But the original spec (JavaComm) did not have Generics, basically we are would be changing the API by introducing them. If you change from JavaComm to PureJavaComm, with generics do you need to change anything but the import, that is the acid test.

Yes, we would be changing the API of PureJavaComm in exactly the same way that the API for Enumeration changed in Java 1.5. Due to the "controversial" way that Generics were implemented in Java 1.5, runtime code can't tell if you used generics or not. This allows legacy code using the raw Enumeration interface to work perfectly with Enumeration found in version 1.5 of the JDK. This is fortunate; all code using the raw Enumeration class, e.g. PJC, would not compile otherwise. In a similar manner, if PJC is updated to use generics, existing client code still using the raw type are guaranteed to work.

I believe that if Sun had still been maintaining it, they would have updated the JavaComm interface in just like they updated Enumeration.

The advantage to changing the interface to use generics, aside from the obvious one of not using raw types where the modern interface specifies a generic, is type safety.

What happened to/with Java 1.5 and Generics makes little difference here.

The question is weather old code compiles without mods or not. And also backwards, if you write code using PJC can you then use it with RXTX or JavaComm without mods. The package name notwithstanding. If the answer is yes, then I'm for this change. If the answer is not, then this is out.

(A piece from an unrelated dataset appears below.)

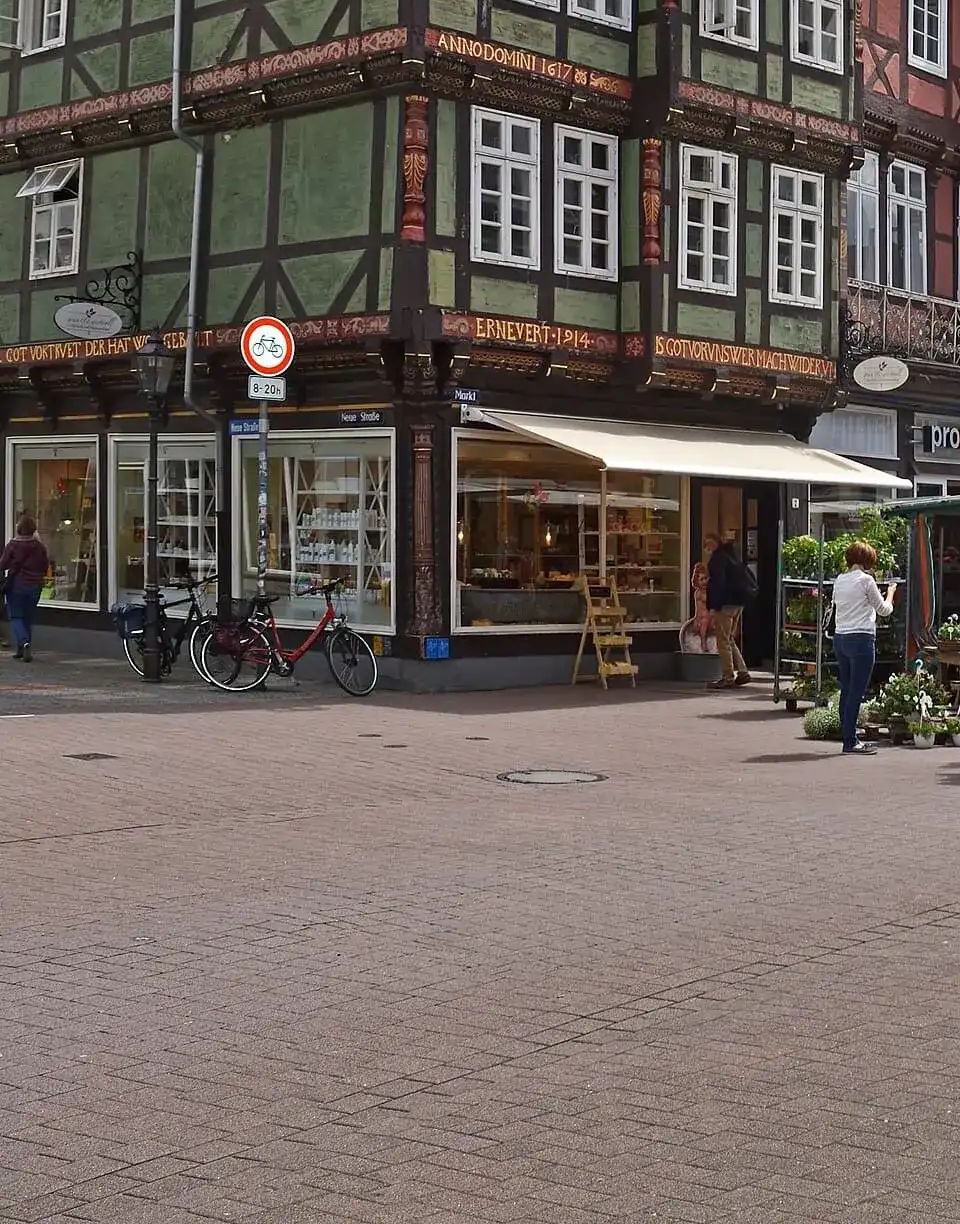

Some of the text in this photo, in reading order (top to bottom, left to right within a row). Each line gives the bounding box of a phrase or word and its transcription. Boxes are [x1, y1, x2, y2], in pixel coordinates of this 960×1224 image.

[541, 58, 574, 80] 1617
[454, 389, 476, 401] Markt
[341, 410, 380, 422] Neue Straße
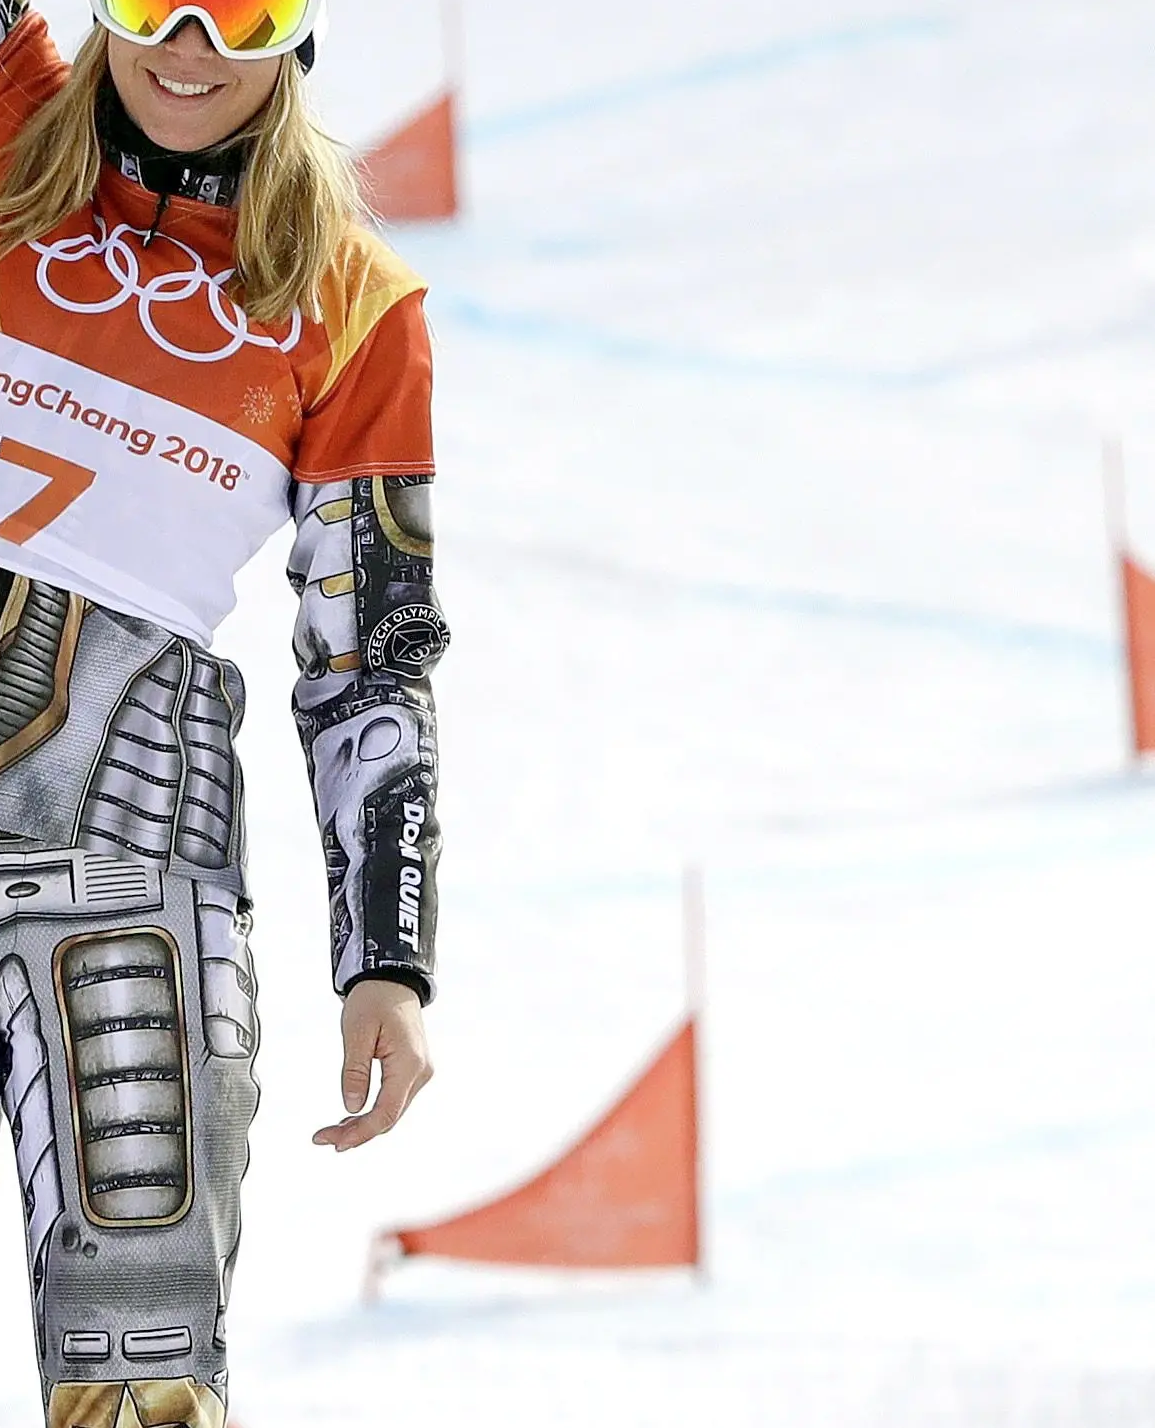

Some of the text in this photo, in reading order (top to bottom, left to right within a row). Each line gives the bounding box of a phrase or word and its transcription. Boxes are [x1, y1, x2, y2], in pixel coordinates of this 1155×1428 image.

Every now and then this project attracts people who want to modernise it, add iterators and what not. All perfectly sensible things but they go against the stated goal of this project. And I believe most people using this library are more concerned weather the works as it should that weather it CommPortIdentifier support modern iterators or Generics.

I would suggest that those people start a new project on top of PJC that implements a better and more modern API leveraging the years of debugging that PJC offers. I might even consider adding that API to the PJC project into a sub package of purejavacomm package.

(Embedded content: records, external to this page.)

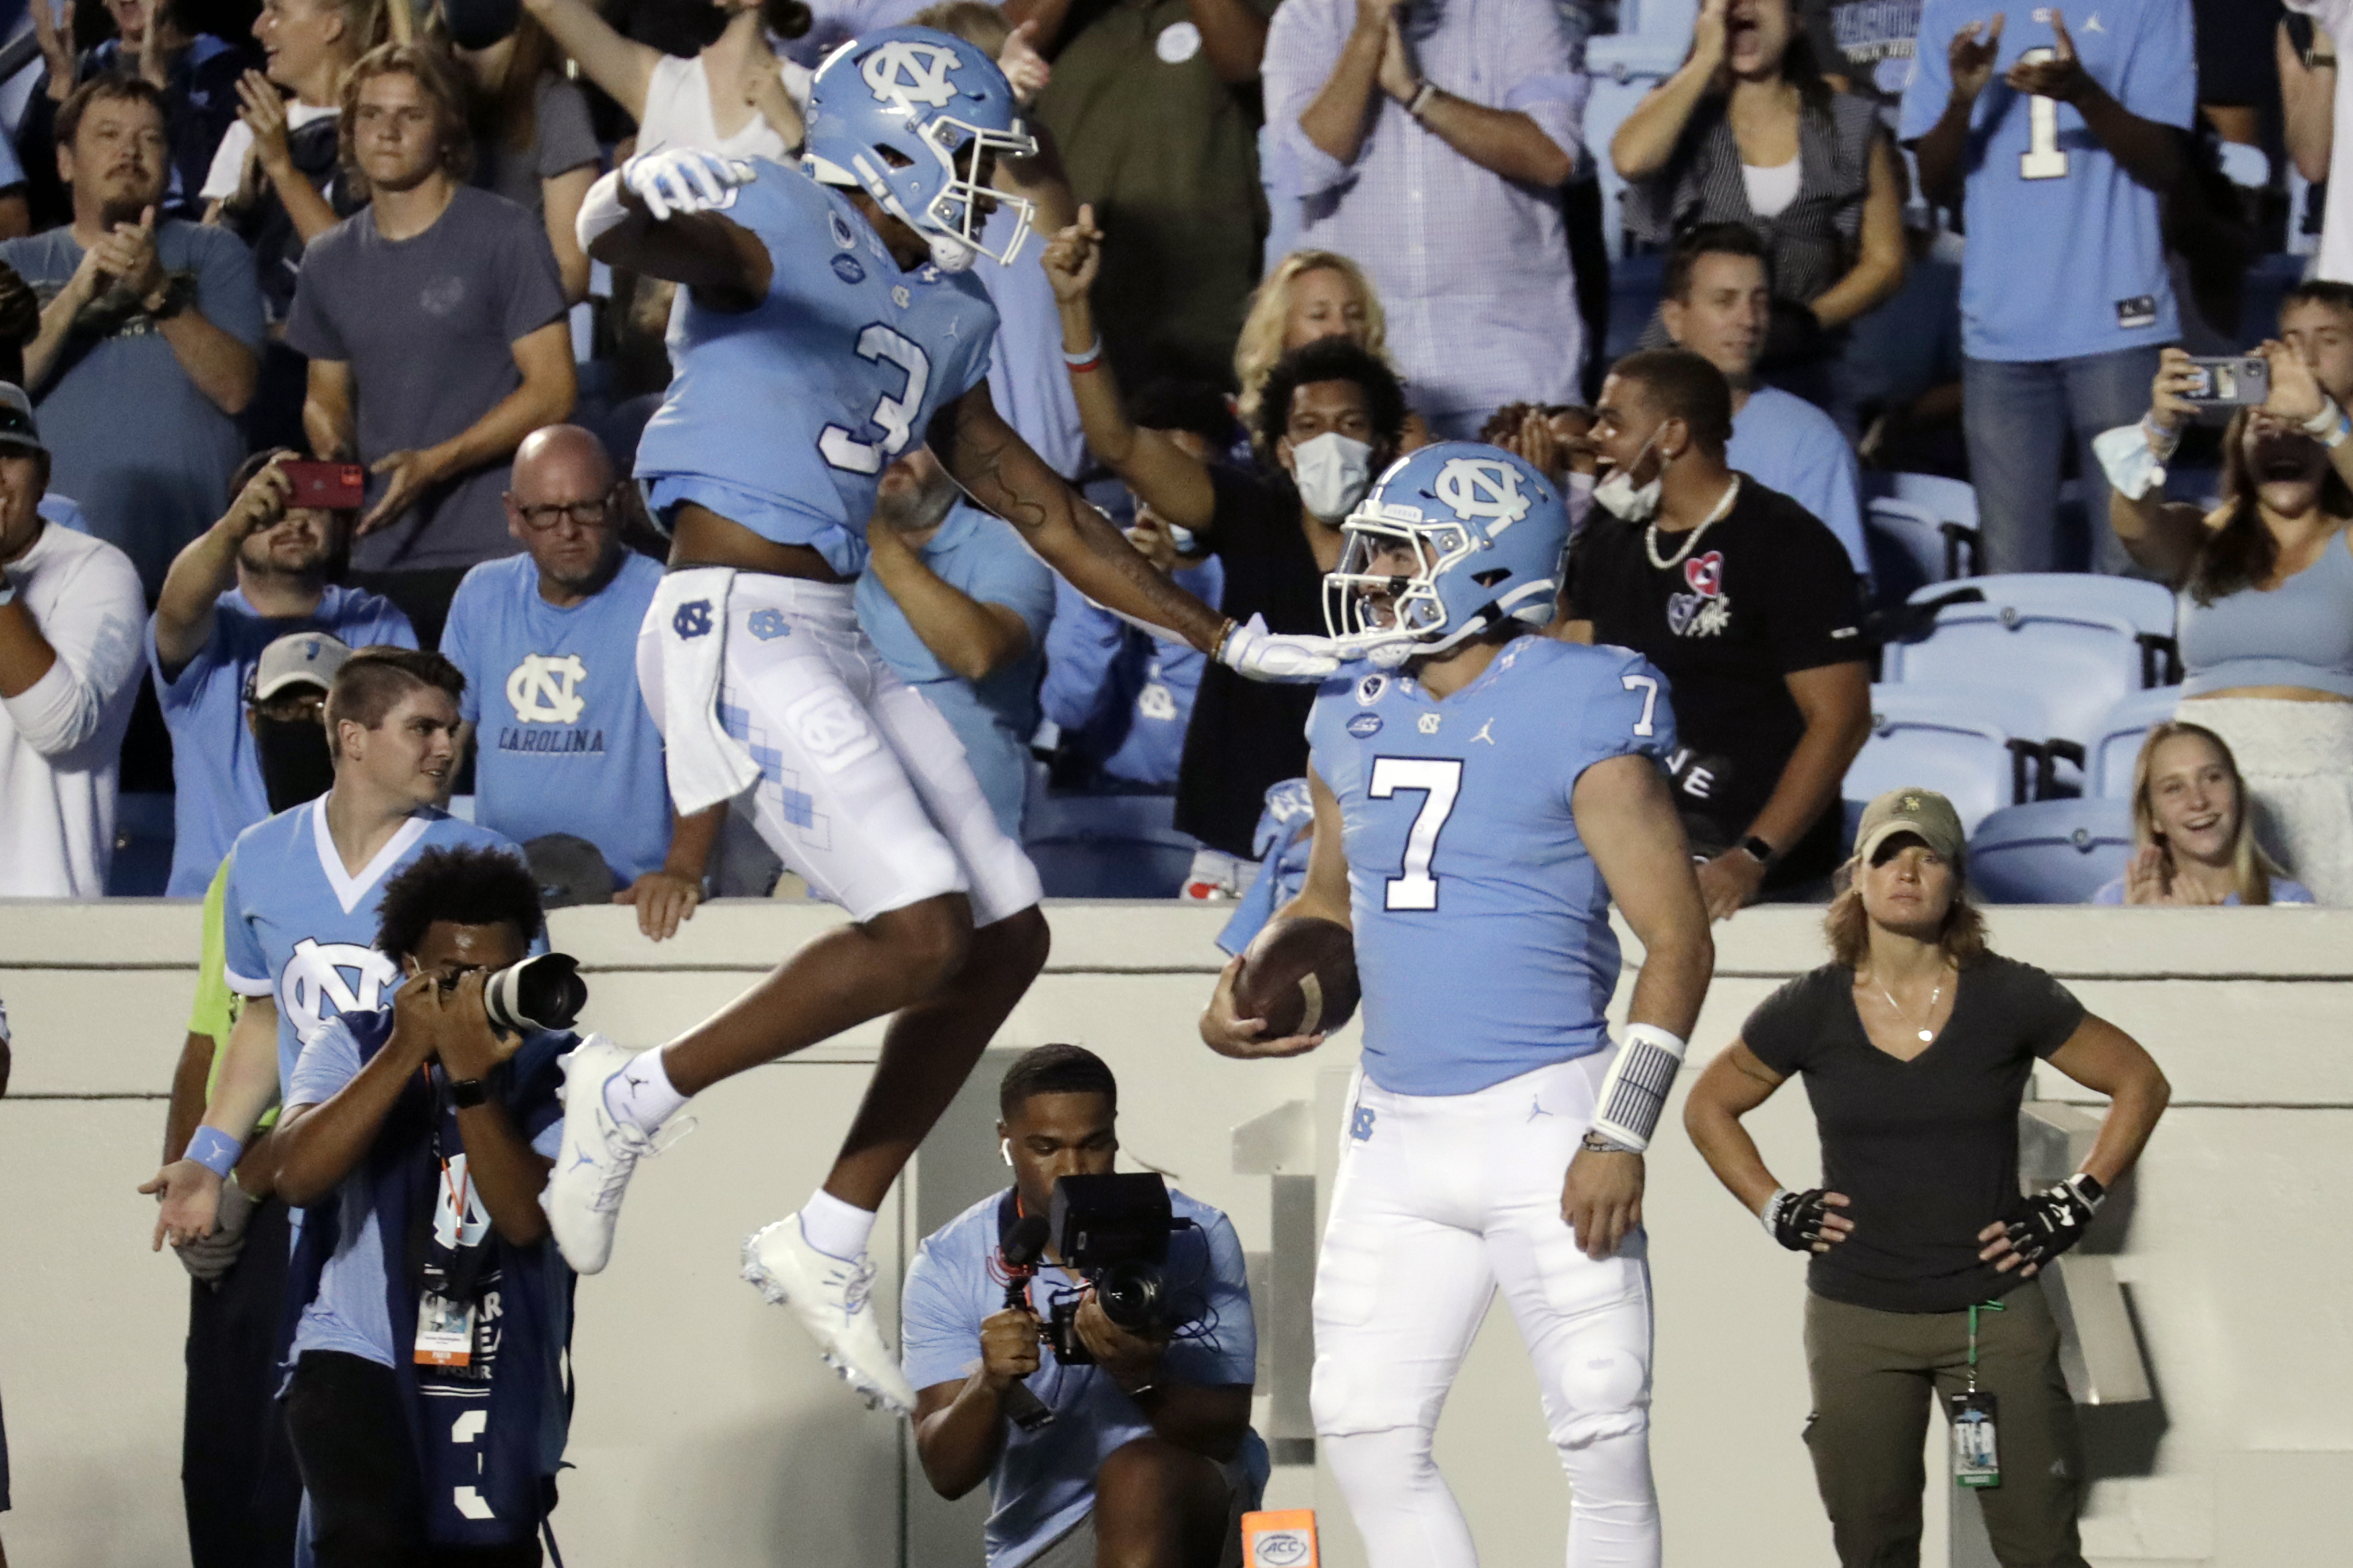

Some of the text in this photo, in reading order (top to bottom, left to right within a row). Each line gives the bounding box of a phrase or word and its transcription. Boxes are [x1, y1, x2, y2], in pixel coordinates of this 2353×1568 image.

[818, 321, 932, 477] 3
[1622, 674, 1659, 737] 7
[498, 727, 605, 753] CAROLINA
[1367, 754, 1464, 913] 7
[1264, 1542, 1299, 1553] ACC

We are talking at cross purposes. Let me start again.

You said

If you change from JavaComm to PureJavaComm, with generics do you need to change anything but the import, that is the acid test.

My change passes that test. My example of how Sun upgraded the JDK to use generics in Java 1.5 without breaking backwards compatibility failed to assure you that this change was so. Is there anything more that I can say or do validate my claim?

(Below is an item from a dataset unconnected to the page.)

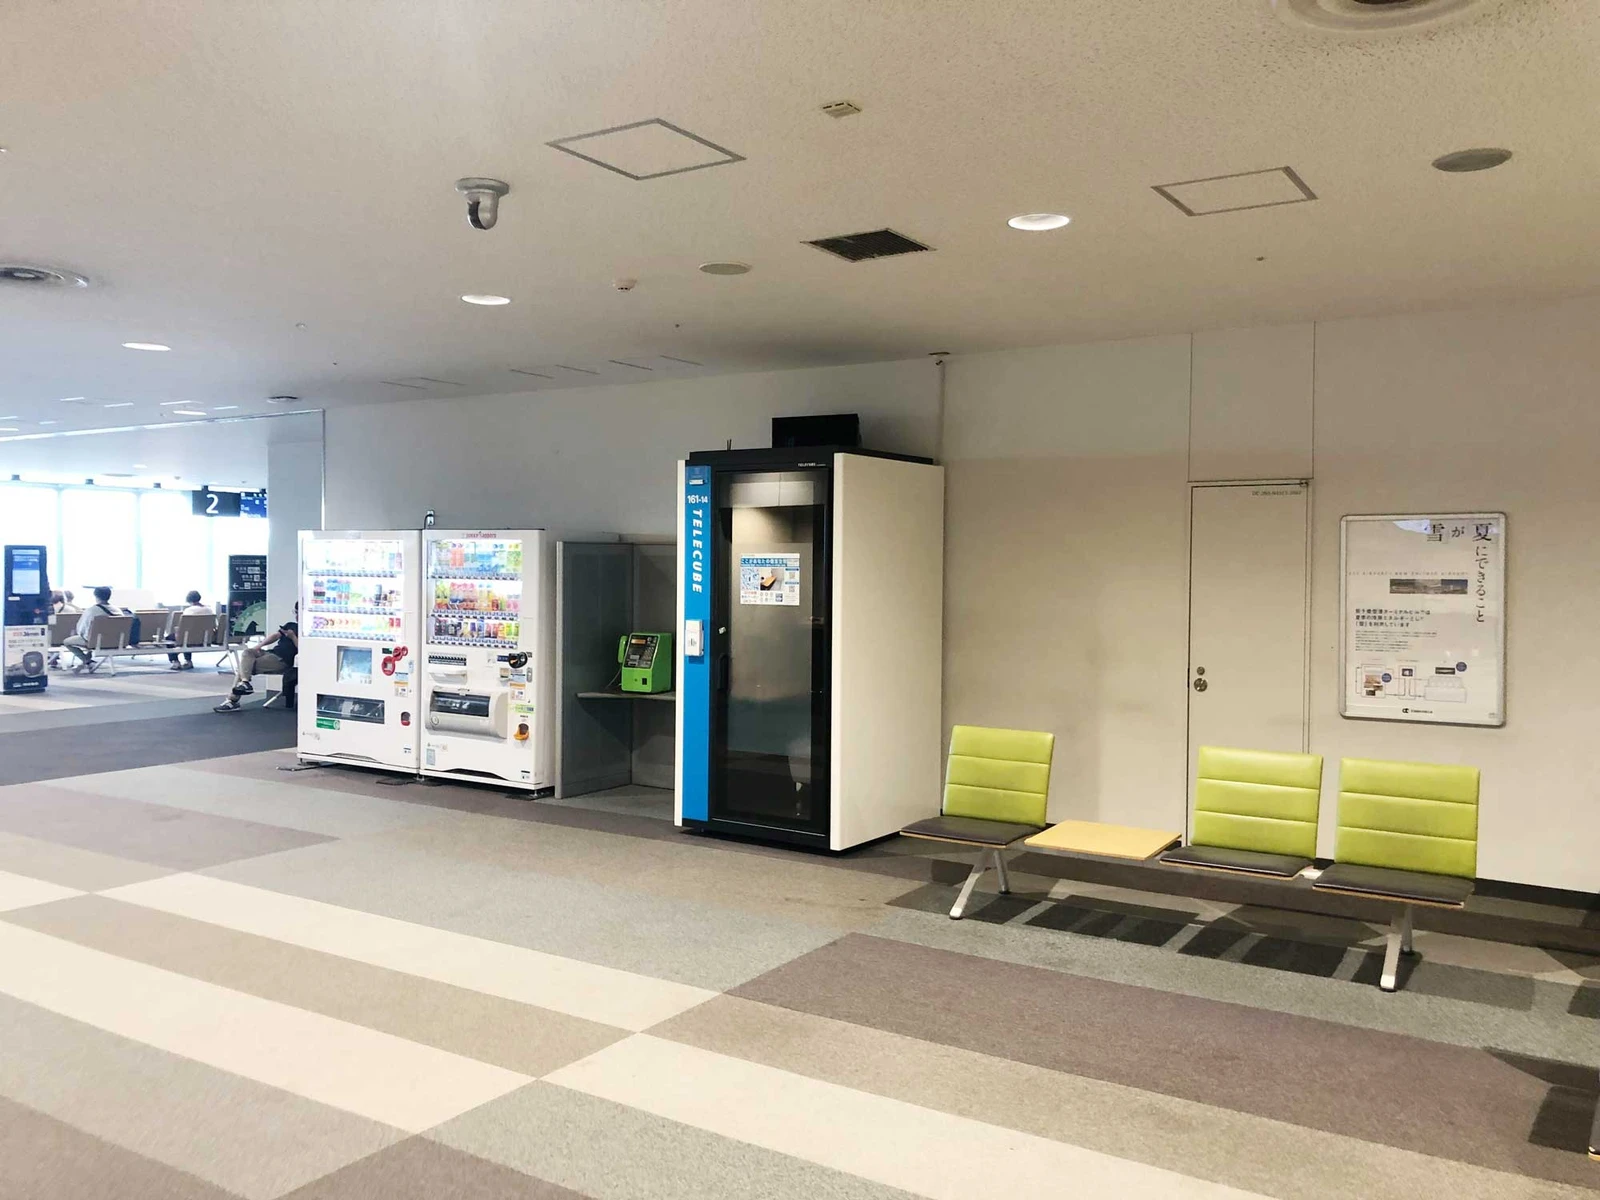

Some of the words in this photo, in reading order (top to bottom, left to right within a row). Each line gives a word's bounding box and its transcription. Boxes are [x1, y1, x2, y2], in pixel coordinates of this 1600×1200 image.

And also backwards, if you write code using PJC can you then use it with RXTX or JavaComm without mods.

My change passes that test too. Suppose I write client code like the following for use with PJC.
Enumeration<CommPortIdentifier> ports = CommPortIdentifier.getPortIdentifiers();

I will receive a warning if I compile that code against a library that implements JavaComm, which uses raw types. The raw return type in the old API allows implementors of the interface put something other than a CommPortIdentifier in that Enumeration. This violates the contract of the function of course, but the compiler can't verify this so you get a warning.

The warning I receive from the compiler will not prevent compilation! And the resulting byte code will only fail at runtime if the library violates the contract. But if the library does violate the contract, then your code would have failed even if you had used raw types for everything.

Right, so if it compiles each way I'm fine with this.

I've made the change and pushed it to github but not yet released it as there is Windows bug fix pending test.

Acknowledged.
Thanks.

On May 21, 2016, at 9:32 PM, nyholku <notifications@github.commailto:notifications@github.com> wrote:

I've made the change and pushed it to github but not yet released it as there is Windows bug fix pending test.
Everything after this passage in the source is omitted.